Segment Open

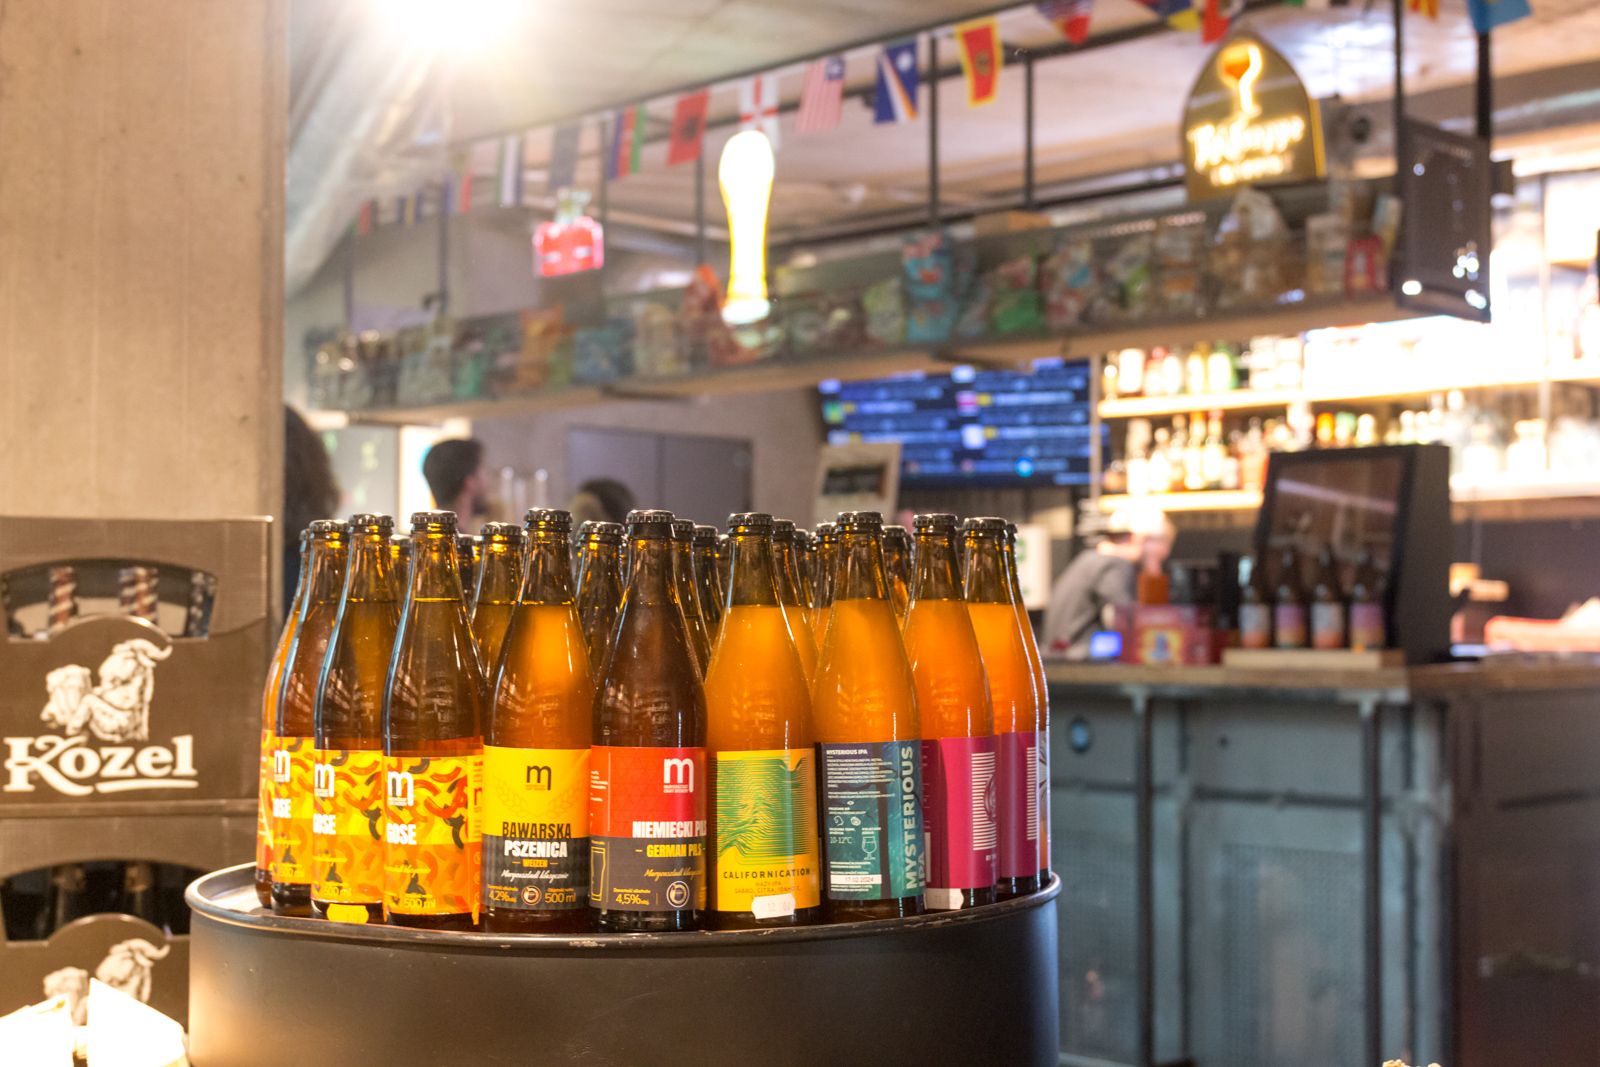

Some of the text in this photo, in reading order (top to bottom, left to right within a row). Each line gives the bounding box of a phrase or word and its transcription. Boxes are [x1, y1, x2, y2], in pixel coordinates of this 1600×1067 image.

[4, 735, 198, 796] Kozel
[273, 798, 292, 818] OSE
[901, 746, 917, 889] MYSTERIOUS
[502, 822, 571, 839] BAWARSKA
[632, 821, 693, 838] NIEMIECKI
[504, 840, 568, 858] PSZENICA
[646, 844, 687, 858] GERMAN
[723, 868, 811, 879] CALIFORNICATION
[545, 893, 564, 904] 500
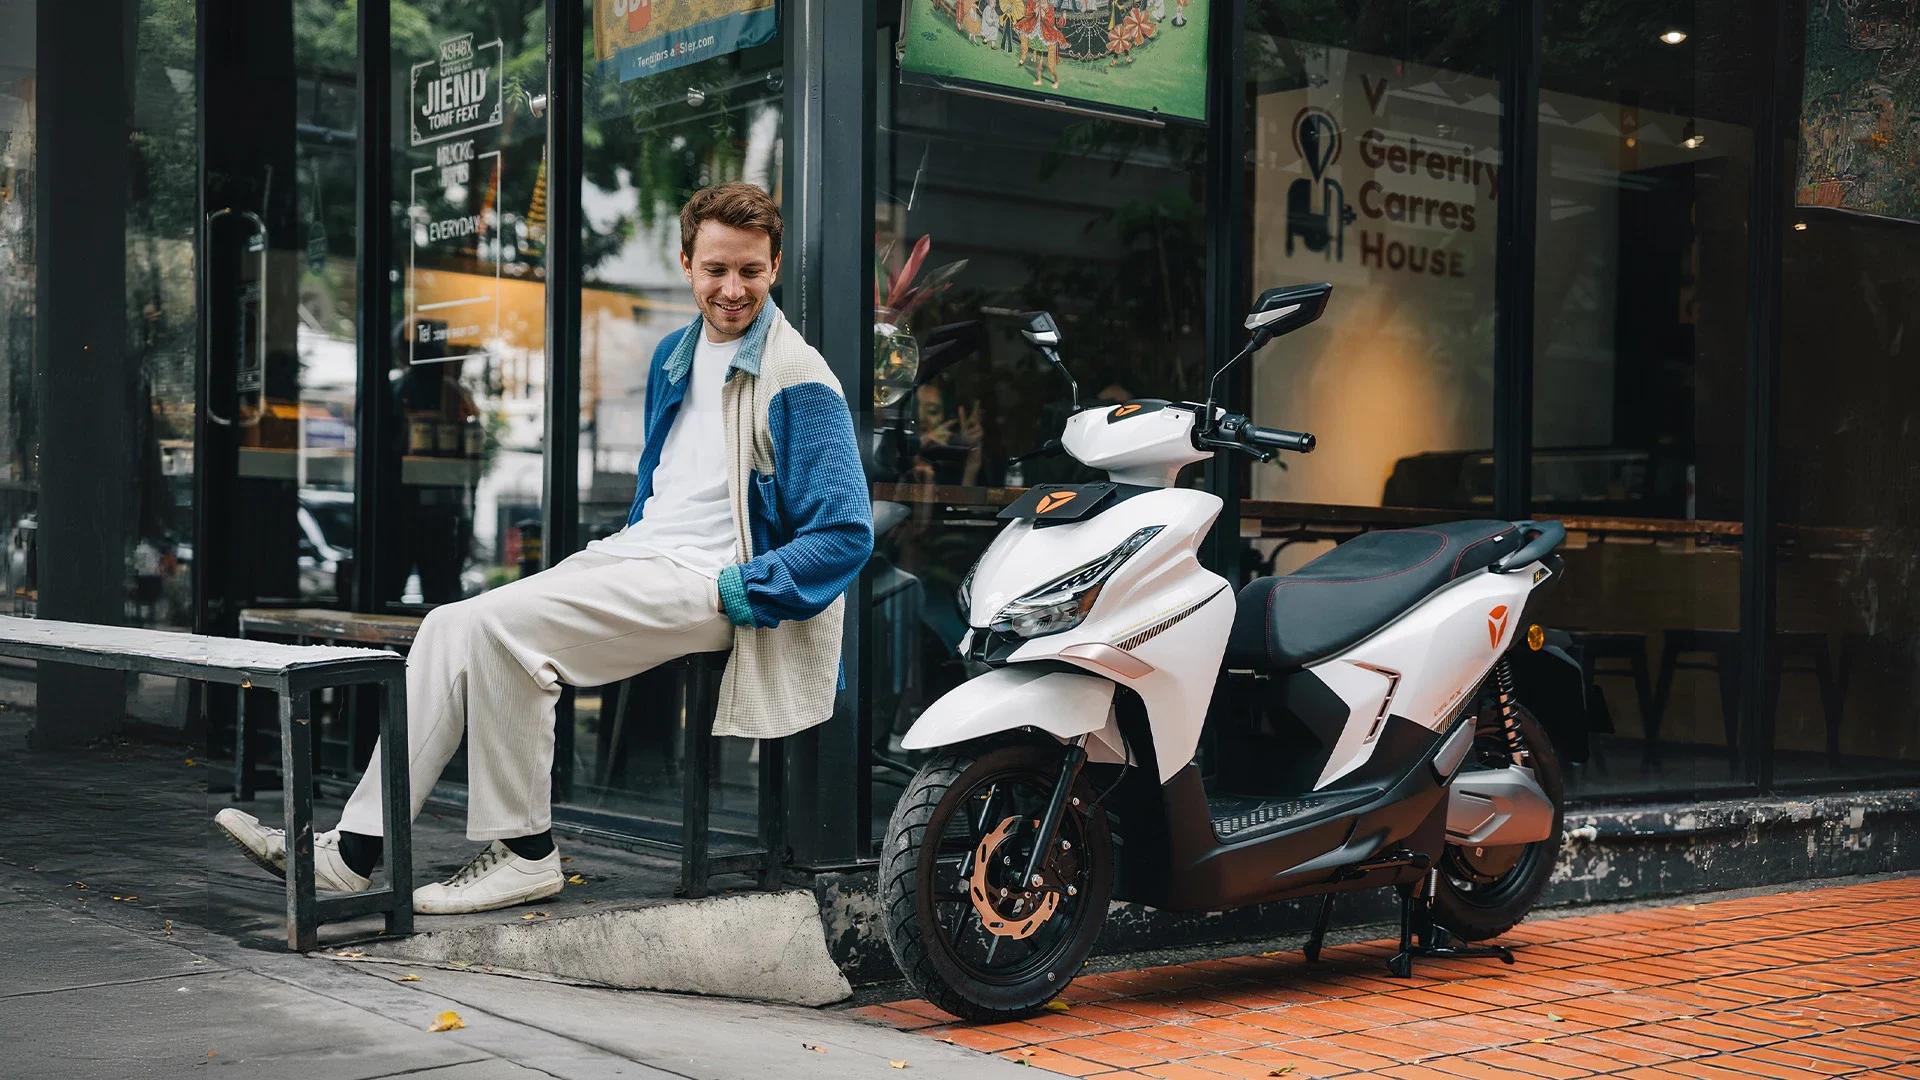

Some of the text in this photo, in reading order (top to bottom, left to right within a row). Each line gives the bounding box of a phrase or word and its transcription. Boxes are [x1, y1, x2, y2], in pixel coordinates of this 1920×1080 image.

[1361, 74, 1388, 115] V
[1359, 180, 1476, 232] Carres
[429, 215, 481, 242] EVERYDAY
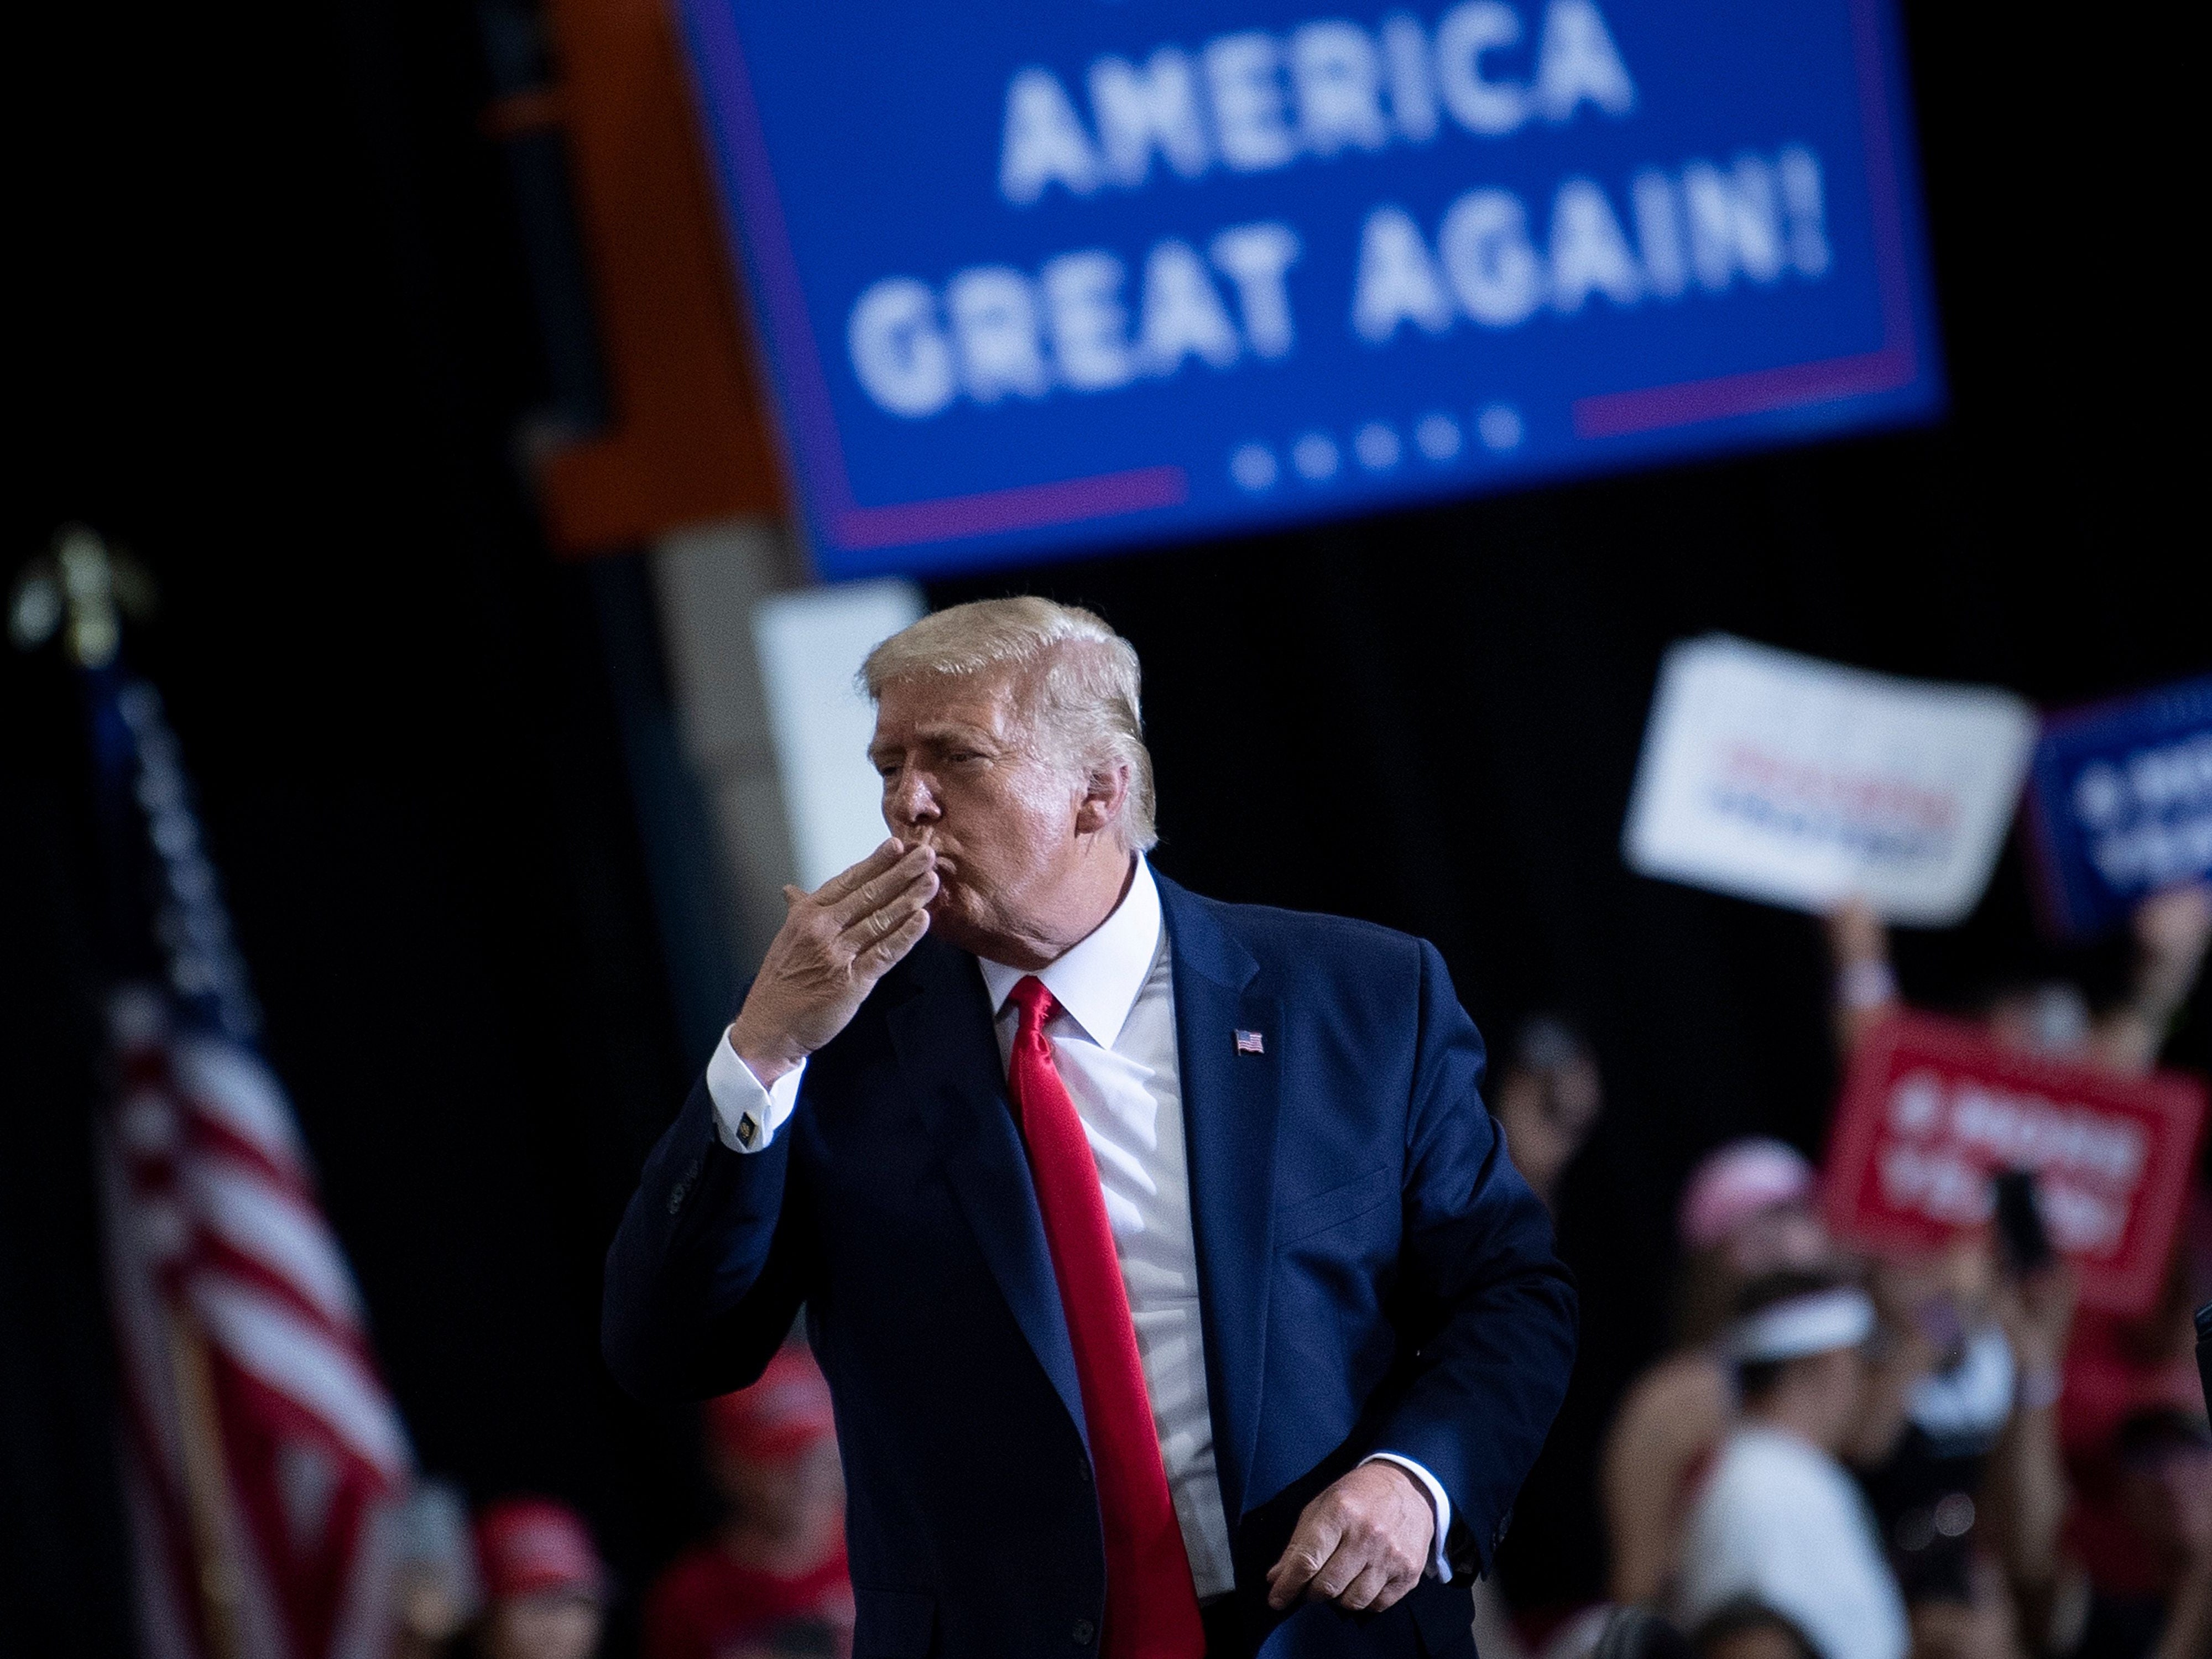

Segment Closed

Transcribe the material as is, with images omitted.

Some of the text in this photo, in reading order (top to bottom, left to right within a row). Each line gives the bounding box of a phrase or word and its transcription. Boxes are [x1, y1, x2, y2], in pixel coordinates of this 1600×1067 image.

[4, 735, 198, 796] Kozel
[273, 798, 292, 818] OSE
[901, 746, 917, 889] MYSTERIOUS
[502, 822, 571, 839] BAWARSKA
[632, 821, 693, 838] NIEMIECKI
[504, 840, 568, 858] PSZENICA
[646, 844, 687, 858] GERMAN
[723, 868, 811, 879] CALIFORNICATION
[545, 893, 564, 904] 500

Some of the text in this photo, in reading order (top to bottom, left to right within a row). Each line gives the bounding box of a phrase or word and its transcription. Boxes are [x1, y1, x2, y2], in pixel coordinates of this 1920×1080 image.

[1361, 74, 1388, 115] V
[1359, 180, 1476, 232] Carres
[429, 215, 481, 242] EVERYDAY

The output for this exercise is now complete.